While he was happy that some progress has been made, Dr Pinskier said he was a bit exasperated that one model might be chosen for pathology and another for diagnostic imaging. Added to that was a third model that seemed to get a bit of traction at the DI meeting, he said.

“That model is delayed upload, where all diagnostics is delayed for x number of days. That gives time for the provider or requester to review it, they can then add an instruction not to post it if it is sensitive, and then after a set number of working days it gets uploaded.

“That was discussed at the diagnostic meeting and had a little bit of traction, but that will need another round of consultation and I have no idea what the pathologists think.”

What this does raise is a further issue of diagnostic service providers having to ensure they are connected to both the PCEHR and the Healthcare Identifiers (HI) Service, Dr Pinskier said.

“In the two models that they are proposing, for pathology it will require the requester to be connected to the HI Service and to the PCEHR, and the laboratory will only need to be connected to the PCEHR. The laboratory will rely on the integrity of the healthcare identifying data sent by the requesting organisation.

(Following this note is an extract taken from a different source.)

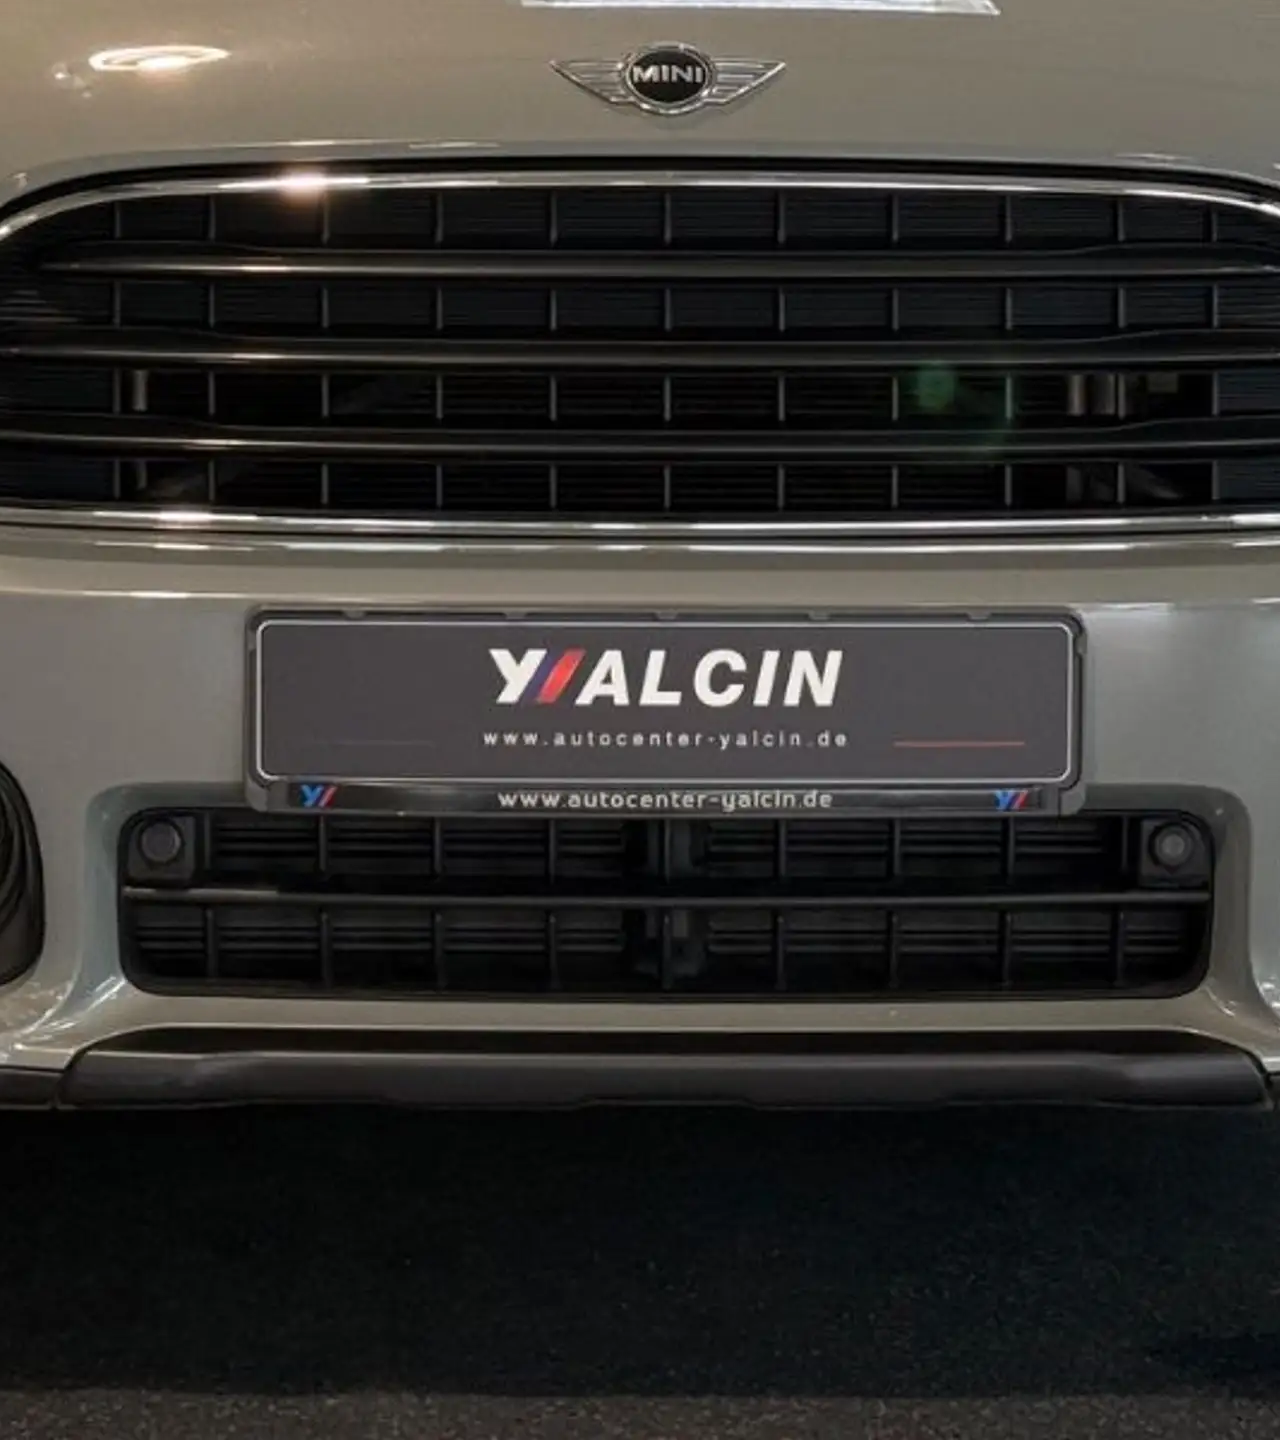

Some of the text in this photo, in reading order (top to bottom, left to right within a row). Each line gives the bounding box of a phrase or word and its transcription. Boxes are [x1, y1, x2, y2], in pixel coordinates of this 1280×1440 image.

“However, if you go to a direct notification model, they are proposing that the diagnostic provider be connected to the HI Service and to the PCEHR. It means that any request of any sort, as long as it is done to a connected, conformant diagnostic provider, will end up in the PCEHR.

“That will create a state of confusion for both providers and patients in that all diagnostic results may always go up but not necessarily all pathology results. If two models are implemented this will invariably impact upon both clinician and consumer adoption as some results will be clinically curated and some may not.”